Limelight not used after the 1890s very much
also generates a lot of heat, so of no use at high level ( and fire risk)
usually used in open enclosures in safe areas

nor arc lights, they are generally used in open housings, used to be used in streetlights, but they spit hot embers !
although arc lamps were used for high power external units such as searchlights, where ease of changing the carbons played a part
also Cinema Projectors had carbon arc lamps, but these rarely lasted longer than 25 minutes, which is why film was supplied on rolls lasting 22 minutes ! allowing the operator to change to another projector for the next roll, while letting the first one cool enough to change the carbons, although most features had 4 projectors installed

oddly with technology we now have carbon arc lights with fancy gases that last ages

another problem with arc lights is the terrific amount of UV they produce, so every one would need sun glasses
a problem they found in the film industry, until the realised you could used a sheet of treated glass to restrict the UV

the fittings are probably incandescent with Tungsten filament lamps manufactured by Swann
there would have been a highly polished reflector, a glass safety cover, and an array of 8 to 12 lamps
the reason you see the effect of the beams, is that a slow shutter speed was used and fast film and black and white
also many people would be smoking and that would enhance the effect
in the mid 30s discharge lamps came into being, but unlikely to be seen here

another odd fact, the stage crew always used the term floats, for the light used above the stage, this is because the earliest ones had a wick floating in oil in a metal tray
 
18 August 1921

It was agreed that Parliament would be adjourned subject to recall should the government’s offer to Sinn Féin be rejected and a resumption of war in Ireland became necessary. Apart from Ireland the British cabinet was discussing how to fúck up the middle East by creating a Jewish state in Palestine.
 
The Walter Raleigh in Youghal is better :D
The one on the east side of the town, which has an old shop at the front, and goes a long way back – beside the narrow road up the hill to the Church of Ireland…

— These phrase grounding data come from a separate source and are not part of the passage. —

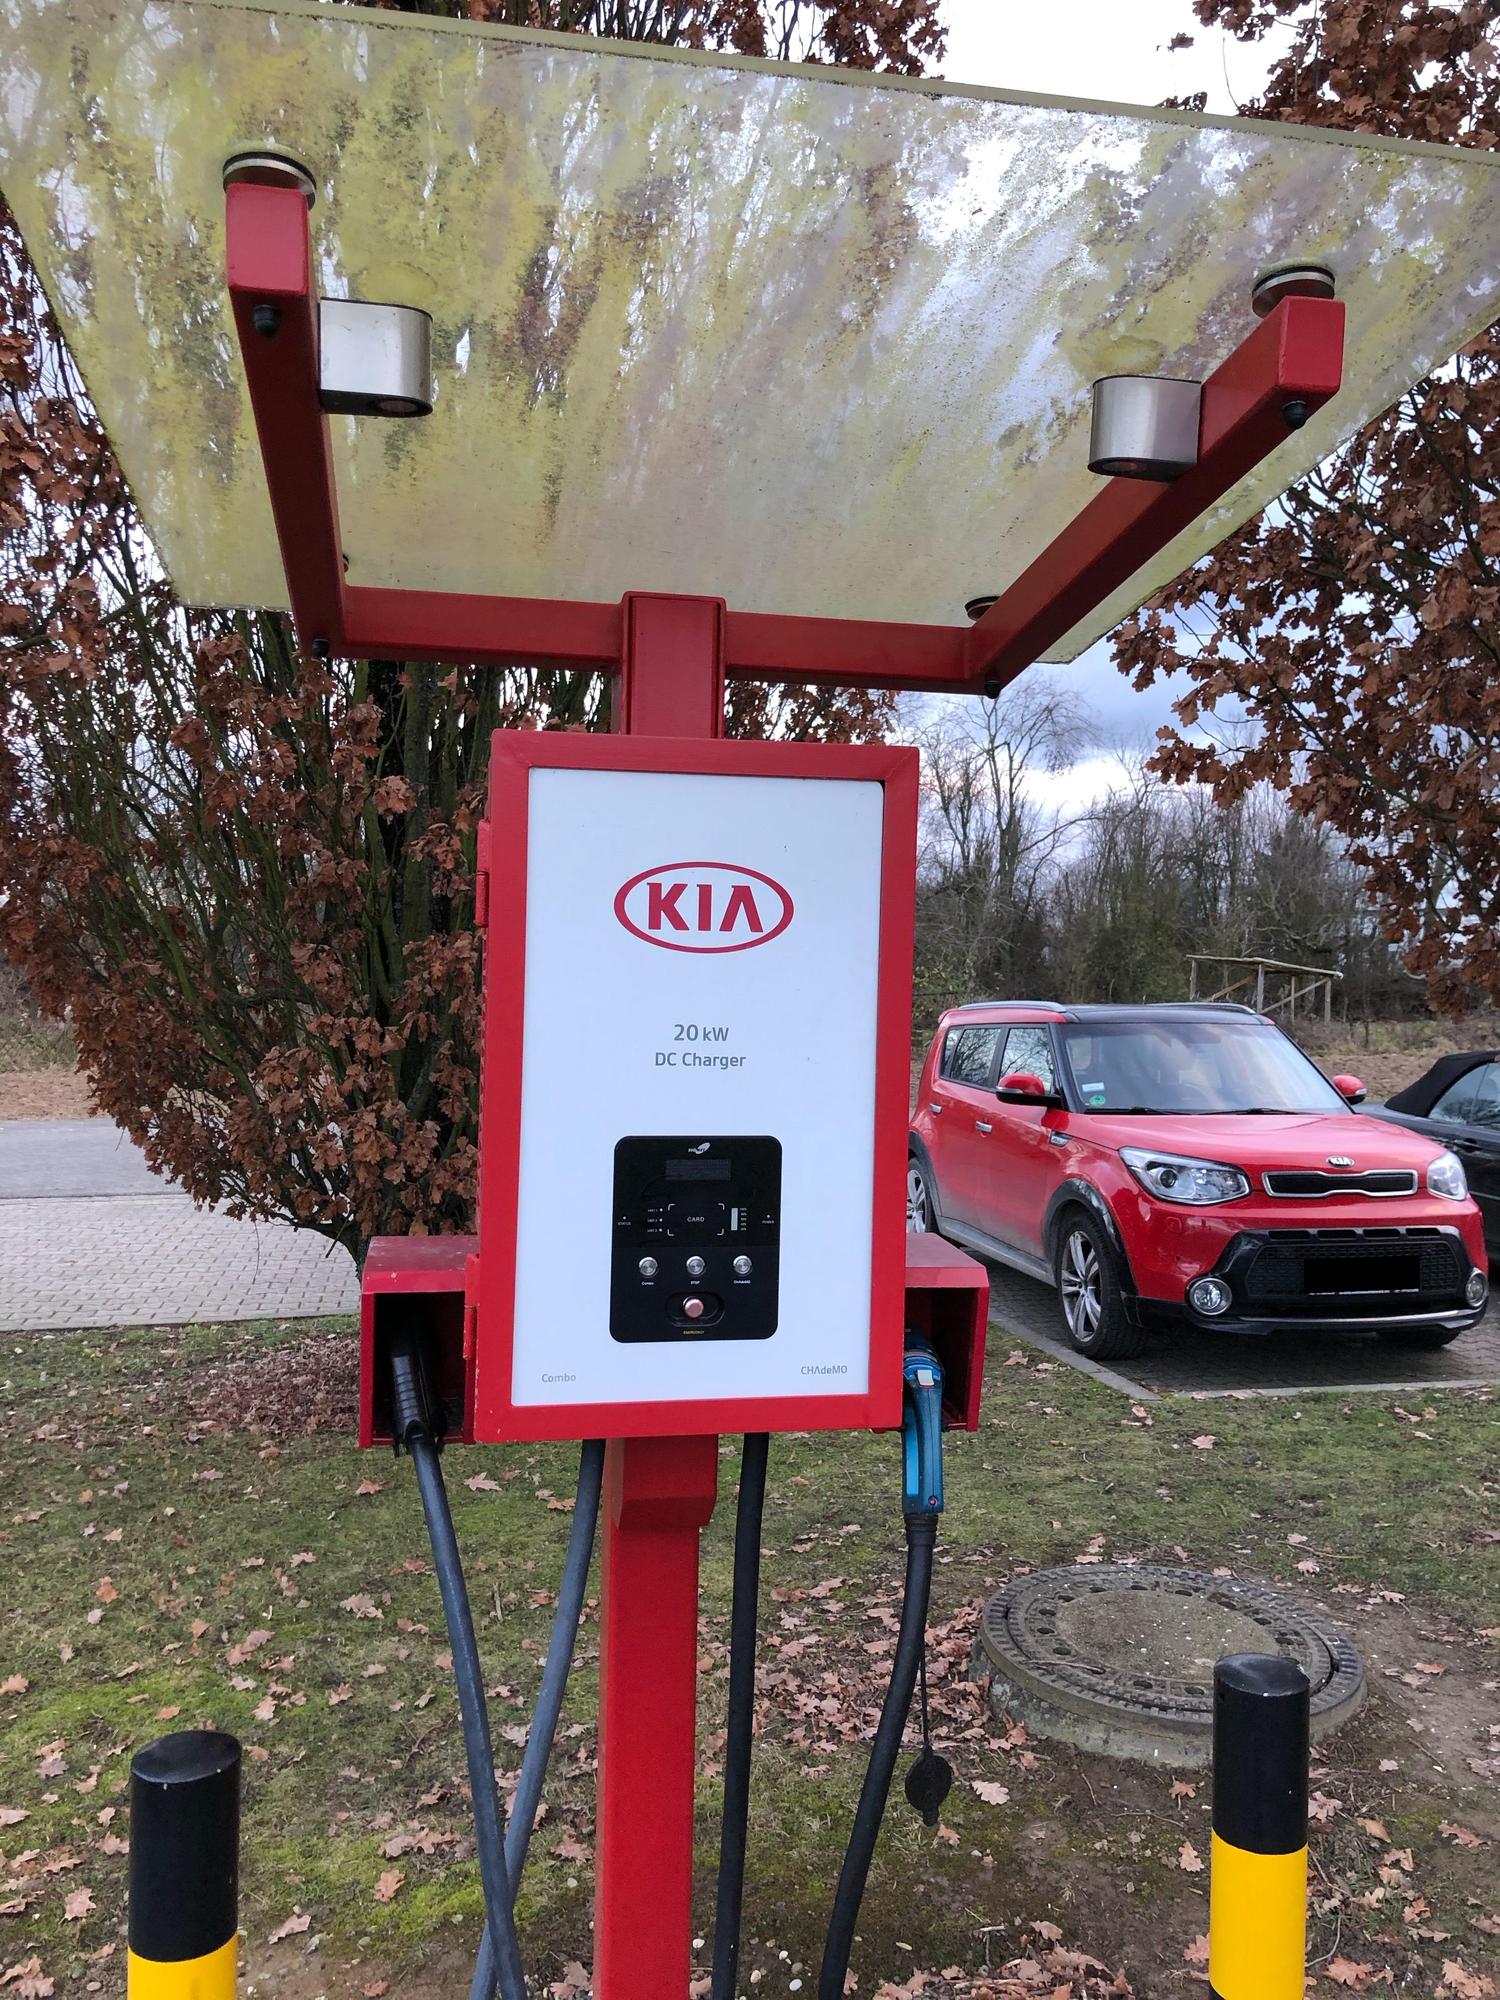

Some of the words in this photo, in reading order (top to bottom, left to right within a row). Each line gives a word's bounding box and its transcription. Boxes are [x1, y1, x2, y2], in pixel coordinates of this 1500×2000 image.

[646, 882, 764, 933] KIA
[673, 1023, 699, 1042] 20
[702, 1026, 730, 1042] kW
[655, 1051, 677, 1067] DC
[682, 1052, 747, 1071] Charger
[541, 1373, 577, 1383] Combo
[800, 1365, 848, 1375] CHAdeMO

Went in at 6 o’clock for a quick pint, before motoring on towards Waterford…
Came out shortly before 11 pm, and wandered down to the Imperial to get a room.

Amongst other entertainments was a high born Pakistani or Indian telling me how he used to organise cricket on the beach
 
19 August 1921

General Macready reported in a memorandum to Government, that the military was prepared to take over the administration of all of southern Ireland under Martial Law. This move had already been agreed by Cabinet back in June and would have come into force on July 14th but for the Truce.
 
The one on the east side of the town, which has an old shop at the front, and goes a long way back – beside the narrow road up the hill to the Church of Ireland…

Went in at 6 o’clock for a quick pint, before motoring on towards Waterford…
Came out shortly before 11 pm, and wandered down to the Imperial to get a room.

Amongst other entertainments was a high born Pakistani or Indian telling me how he used to organise cricket on the beach

I remember now.
He was the son of the former Attorney-General of Pakistan.
He must’ve told me how he arrived in east Co.Cork about the 6th pint – so I forget that bit.
 
20 August 1921
In Glasgow all the defendants on trial for the murder of Police Inspector Robert Johnston are found not guilty and released. As they were leaving court, a defendant named Mitchell, was re-arrested for escaping from Strangeways Prison.

In Rath Internment Camp on the Curragh, a lorry load of timber drove into the wrong camp. As it was turning to leave, Jim Staines jumped aboard, concealed himself, and escaped.

In Dublin Éamon de Valera called Michael Collins into a meeting and informed him that should talks on an agreement resume in London Collins would be attending in De Valera’s place.
 
Pretty much stiched Big Mick up as the fall guy to preserve his nationlist reputation as he must have guessed what the final result would be, the slimy b*stard. I can see why some people in Ireland say it should have been 17 not 16 in 1916.
Back in May the Irish Times ran this story giving De Valera's reasons for not going. Unsurprisingly it is still a debating point with some to this day.


Personally i believe he should have gone.
 
23 August 1921
The Northern Cabinet agreed that Stormont Castle would be the permanent site of the Northern Houses of Parliament.

Edited to add;
I had assumed that Stormont was an existing building, It seems the Northern Ireland Government approved the purchase of an estate east of Belfast for £20k for the construction of the parliament building which would not be completed for another eleven years

An inner Dáil cabinet of 7 was formed consisting of DeValera, Collins, Griffith, Cosgrave, Stack, Barton and Brugha. This excluded Markievicz, MacNeill, & Plunkett. MacNeill having been elected Speaker of the Dáil obviously could not be in the Cabinet but the other two were die hards that De Valera wanted sidelined. Cathal Brugha proposed to formally give DeValera the title of President of the Republic. Officially he’s only President of Dáil Éireann

Lyster & Son's Saw Mills burned to the ground in Athlone, Co. Westmeath. RIC and IRA worked to prevent the fire from spreading to neighbouring buildings.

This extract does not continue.